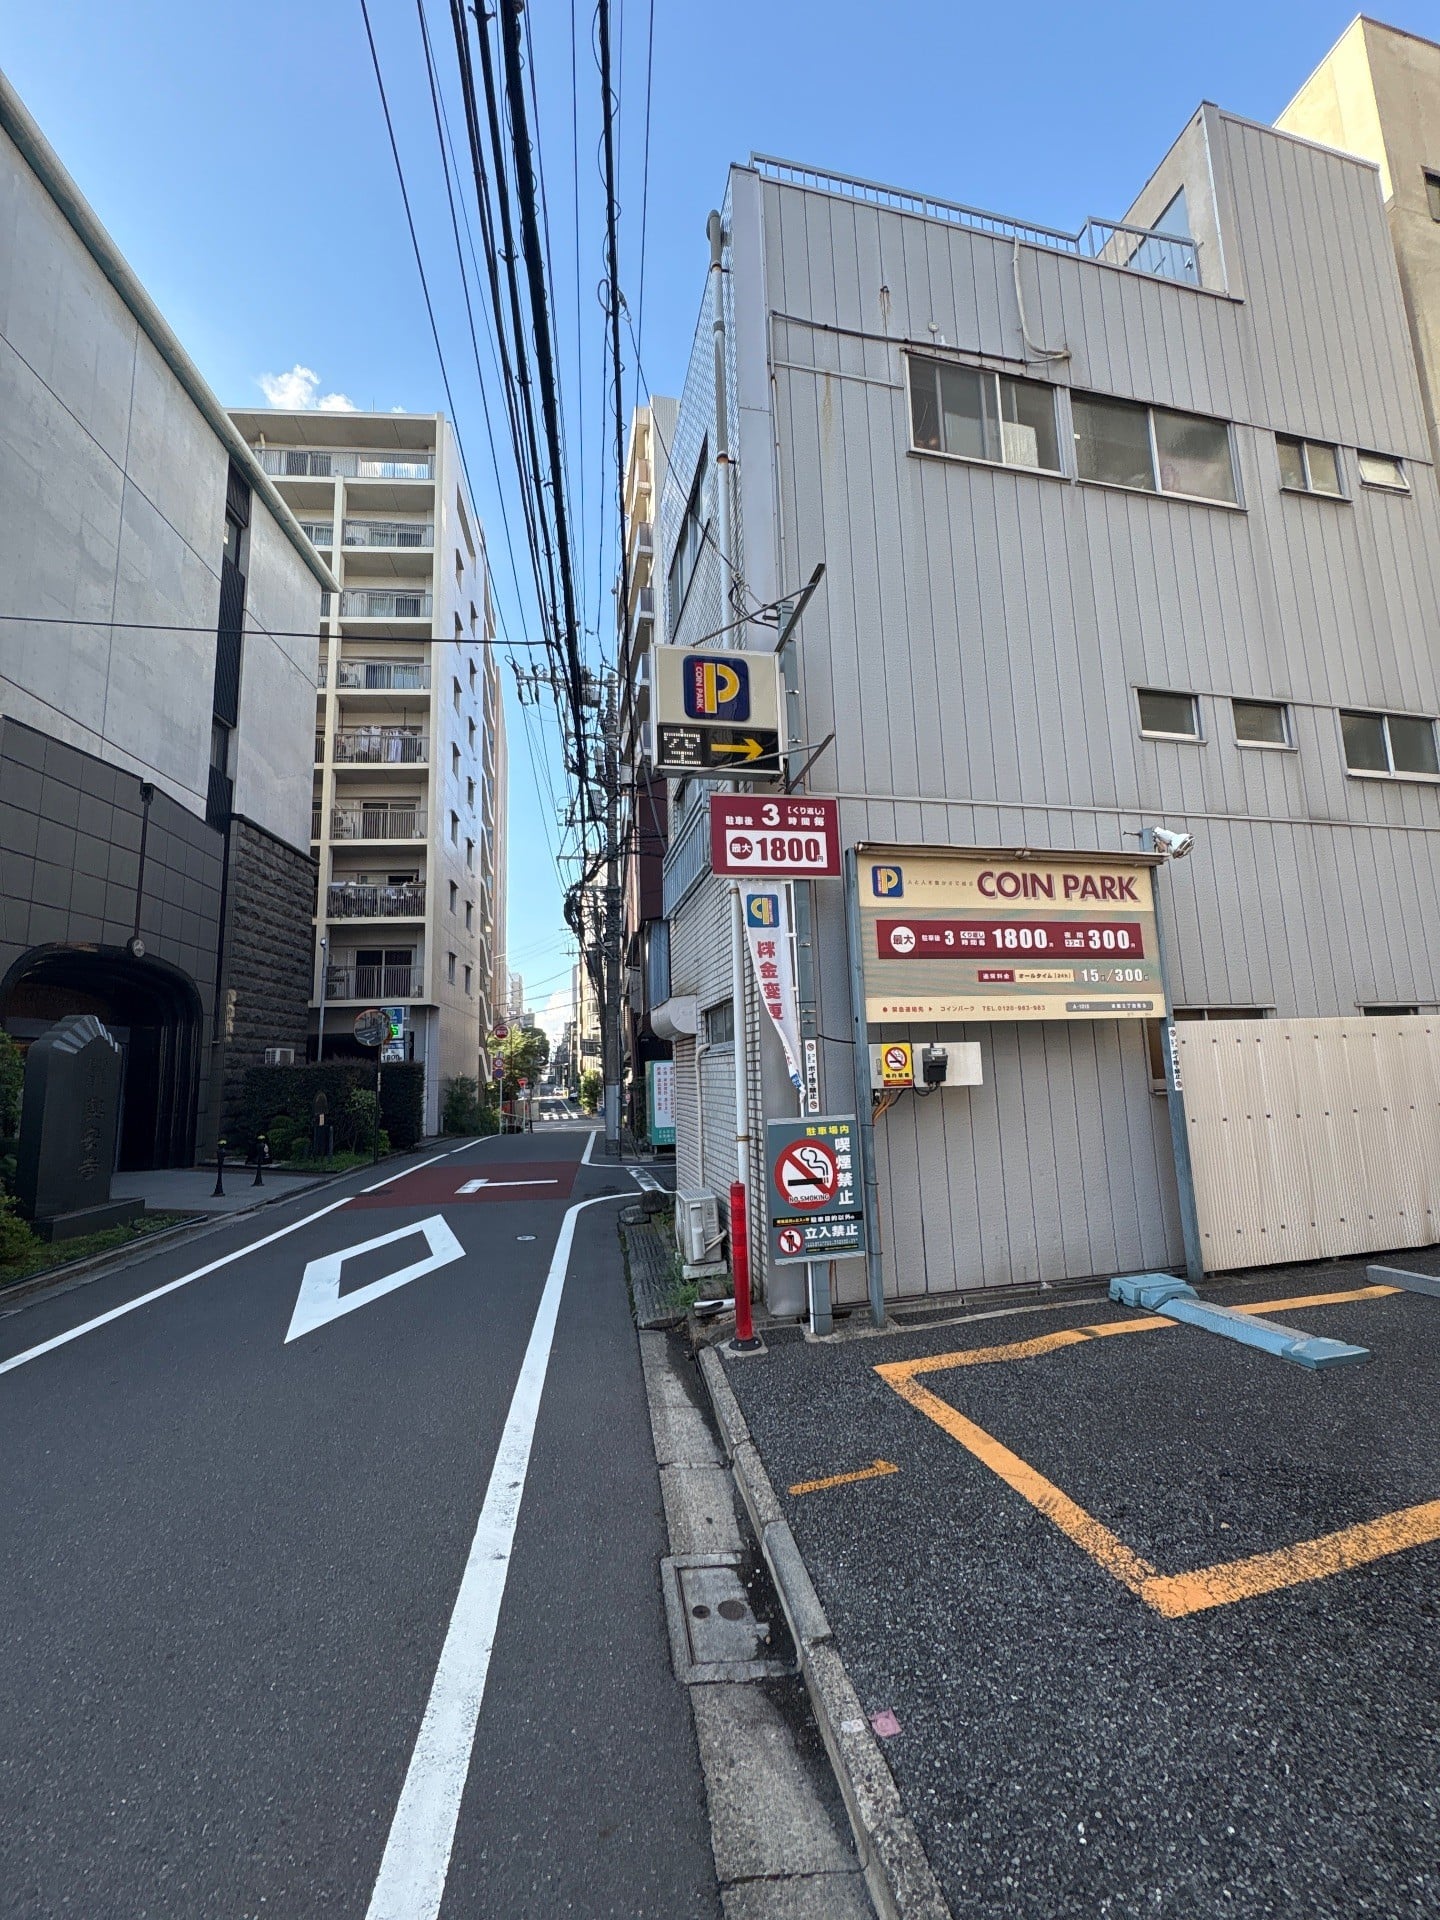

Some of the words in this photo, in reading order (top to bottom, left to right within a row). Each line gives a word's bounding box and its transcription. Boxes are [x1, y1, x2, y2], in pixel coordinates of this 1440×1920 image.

[695, 666, 703, 686] COIN
[695, 687, 704, 709] PARK
[664, 728, 701, 765] 空
[761, 803, 780, 826] 3
[731, 843, 752, 853] 最大
[977, 871, 1054, 898] COIN
[1063, 874, 1140, 900] PARK
[893, 934, 914, 945] 最大
[944, 930, 955, 946] 3
[806, 1125, 850, 1136] 駐車場内
[834, 1137, 854, 1206] 喫煙禁止
[789, 1196, 798, 1204] NO
[799, 1194, 830, 1203] SMOKING
[804, 1223, 859, 1240] 立入禁止

################

An exact retyping of the entries, without images, is the required answer.

Some of the words in this photo, in reading order (top to bottom, left to right within a row). Each line gives a word's bounding box and its transcription. Boxes are [x1, y1, x2, y2], in pixel coordinates of this 1440×1920 image.

[695, 666, 703, 686] COIN
[695, 687, 704, 709] PARK
[664, 728, 701, 765] 空
[761, 803, 780, 826] 3
[731, 843, 752, 853] 最大
[977, 871, 1054, 898] COIN
[1063, 874, 1140, 900] PARK
[893, 934, 914, 945] 最大
[944, 930, 955, 946] 3
[806, 1125, 850, 1136] 駐車場内
[834, 1137, 854, 1206] 喫煙禁止
[789, 1196, 798, 1204] NO
[799, 1194, 830, 1203] SMOKING
[804, 1223, 859, 1240] 立入禁止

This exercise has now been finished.